CNN Hero Chad Bernstein is a career musician, professor and founder of Guitars Over Guns, a nonprofit that helps at-risk youth connect to adult mentors through the arts.

Drawing on his decades of work with kids, offers these three key insights for being an effective mentor to a child.

  1. Be the adult in a child’s life. The single most important factor in a child’s success is a relationship with a caring adult. Finding an avenue through which we can connect with youth. The arts are a great potential avenue, but meeting a student at their point of interest and respecting that is the key.
  2. Show up and listen. There are two keys to building trust between a mentor and a student: First, show up and be present. There is no replacement for time and consistency is key. If you continue to come back, even after a kid has done something to push you away, you are building trust. The second is the to understand the importance of creating a safe place, free of judgement. Vulnerability is paramount to creating trust and it goes both ways.
  3. Be committed. When you commit to being a mentor, you are committing to be there for the hard times as well as the triumphs, and they are equally important. Be a shoulder when it’s needed, but also don’t underestimate the value of being their champion. “You can’t un-see success,” and that feeling of “being successful” builds on itself. Sometimes, a kid just needs to have someone in their corner supporting them and letting them know that they are being seen when they make the right choices. There are certainly plenty of people in their lives that are there to let them know when they are not.
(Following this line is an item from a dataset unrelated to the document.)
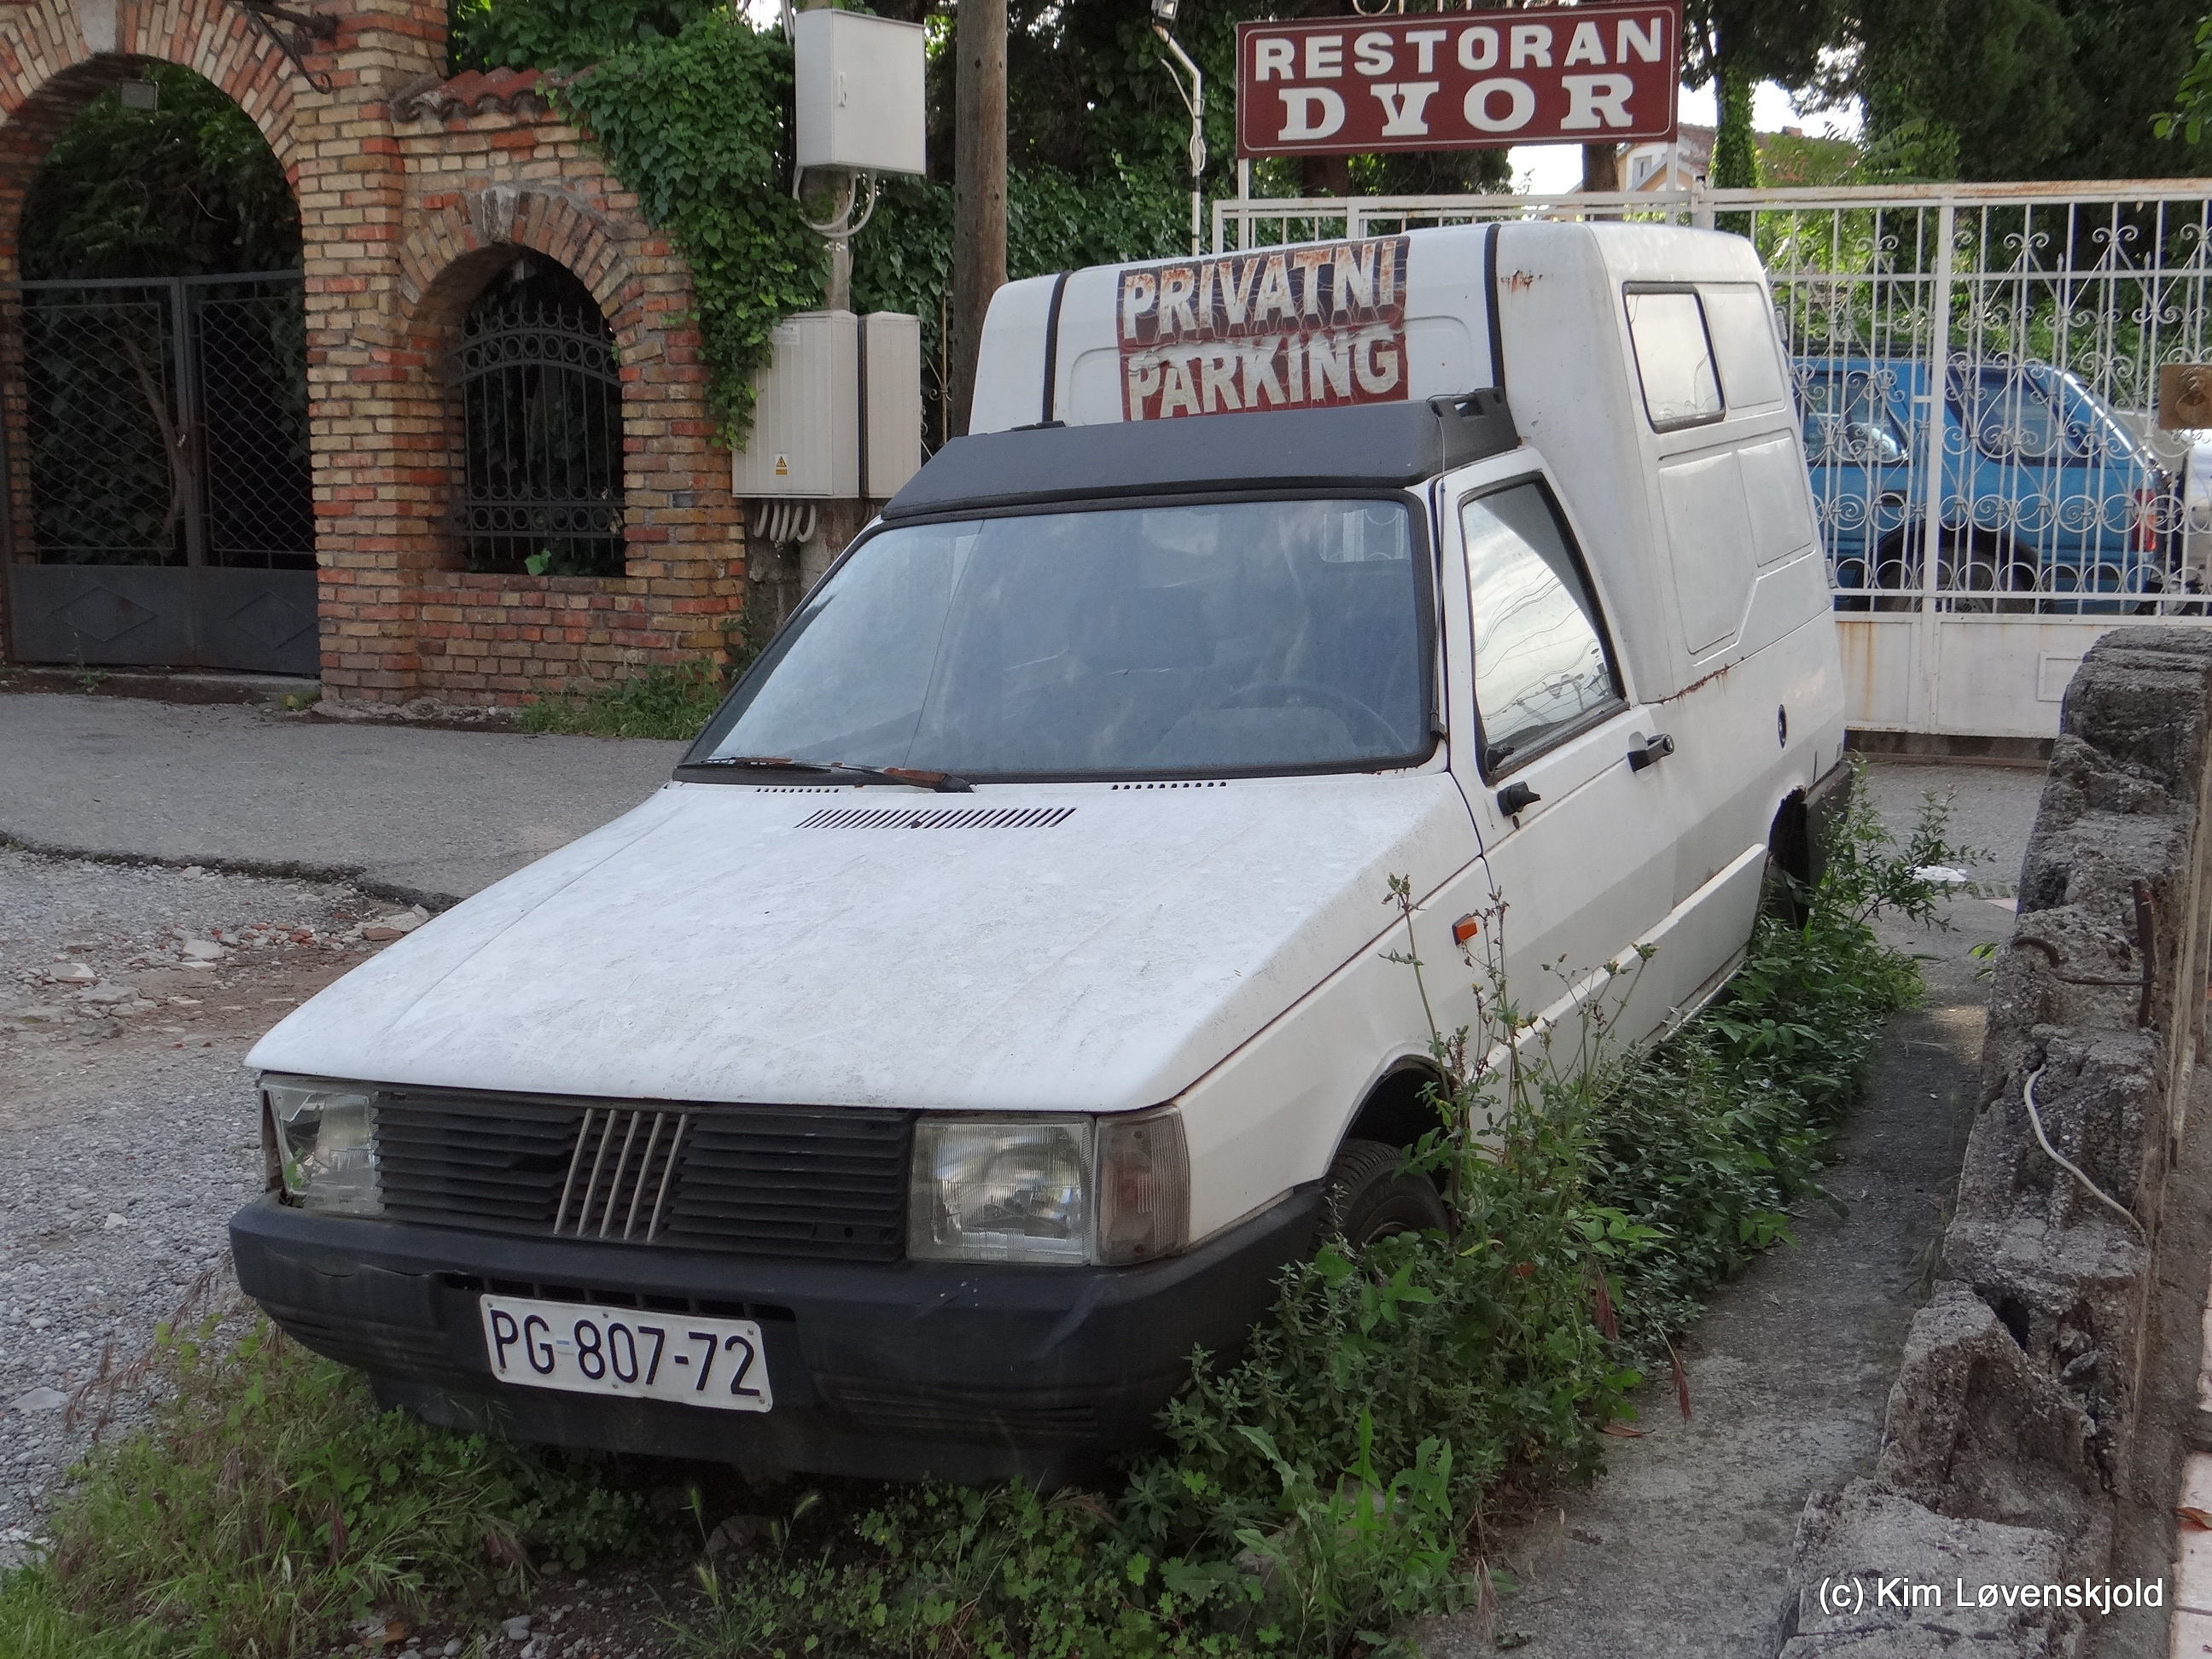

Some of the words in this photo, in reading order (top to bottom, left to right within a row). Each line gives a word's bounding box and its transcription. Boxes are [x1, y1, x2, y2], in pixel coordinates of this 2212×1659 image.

[1254, 17, 1662, 82] RESTORAN
[1278, 73, 1633, 142] DVOR
[1123, 241, 1397, 340] PRIVATNI
[1128, 335, 1399, 421] PARKING
On Wednesday, April 27, 2016 at 7:00 PM Eastern, Chad will join me here for a live discussion about his work and his insights into being a good mentor and friend to a child. Tune in here then to watch the interview live. Post questions in the comments below or tweet questions before the interview to @devindthorpe.
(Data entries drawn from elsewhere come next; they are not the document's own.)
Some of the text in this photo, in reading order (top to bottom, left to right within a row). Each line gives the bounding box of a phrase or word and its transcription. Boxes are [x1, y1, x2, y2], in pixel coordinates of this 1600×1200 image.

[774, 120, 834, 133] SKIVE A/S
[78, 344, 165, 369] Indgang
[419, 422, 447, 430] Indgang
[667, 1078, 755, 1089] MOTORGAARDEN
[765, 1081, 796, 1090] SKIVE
More about Guitars Over Guns:

Twitter: @guitarsoverguns

Instagram: @guitarsoverguns

We believe that all young people should have the opportunity to reach their full potential through the transformative nature of music and the arts and the power of mentorship. GOGO uses popular music to connect professional musicians with at-risk youth in after-school programs as an alternative to the negative and harmful influences that typically dominate their environments. These mentors take students through the artistic learning process where they form meaningful relationships. It is through these relationships that our mentors help students navigate the challenges they face and equip them with the tools they need to become successful in and out of school.
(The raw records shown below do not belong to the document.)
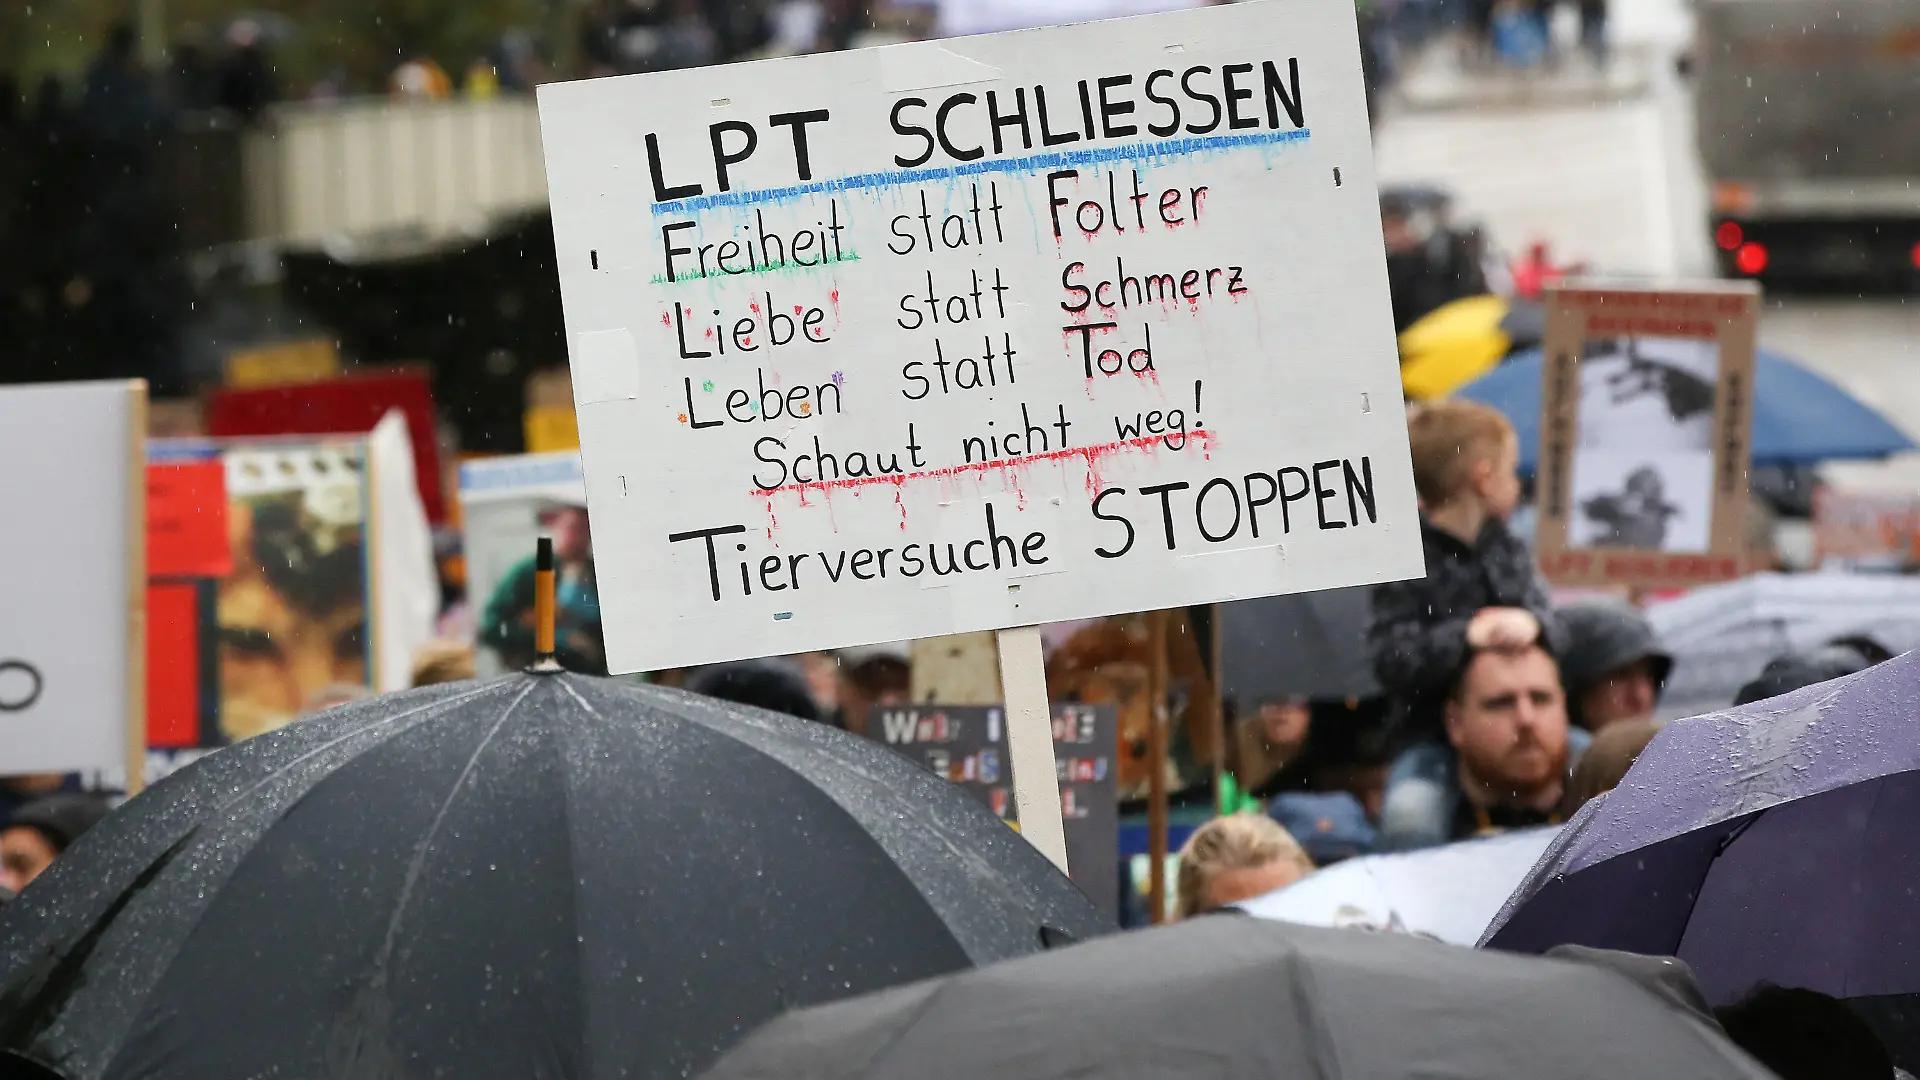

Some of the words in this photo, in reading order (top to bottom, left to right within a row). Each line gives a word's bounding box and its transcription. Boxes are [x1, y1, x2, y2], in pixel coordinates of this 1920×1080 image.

[644, 108, 830, 203] LPT
[889, 57, 1305, 169] SCHLIESSEN
[661, 198, 845, 284] Freiheit
[887, 180, 1003, 256] statt
[1046, 169, 1209, 238] Folter
[674, 290, 831, 360] Liebe
[897, 267, 1010, 330] statt
[1060, 256, 1248, 314] Schmerz
[684, 367, 841, 430] Leben
[901, 332, 1017, 400] statt
[1062, 321, 1156, 379] Tod
[752, 422, 927, 491] Schaut
[962, 402, 1072, 464] nicht
[1114, 379, 1203, 452] weg!
[668, 502, 1049, 602] Tierversuche
[1091, 456, 1377, 559] STOPPEN
Chad Bernstein, courtesy of Guitars Over Guns

Chad Bernstein created a program to help at-risk youth, courtesy of Guitars Over Guns

Chad’s bio:

Twitter: @chadbernstein

Chad is the co-founder and CEO of Guitars Over Guns Organization (“GOGO”), a music-mentoring program for at-risk youth. He has a doctorate from the University of Miami, teaches at FIU, and is an active member of the South Florida music scene as a multi-instrumentalist, bandleader, sideman, and writer. Chad is a Governor on the board of the Recording Academy (Grammys) and serves as the Chairman of the Education Committee. He has worked with Pharrell, Pitbull, Shakira, will.i.am, Natalie Cole, Chaka Kahn, John Legend, Phil Ramone, and many more. He is currently a member of Miami groups The Spam Allstars and Suénalo, the Musical Director for Jencarlos Canela, and working on a global funk project with Pee Wee Ellis. In April of 2015, Chad was honored as a CNN Hero for his work with Guitars Over Guns.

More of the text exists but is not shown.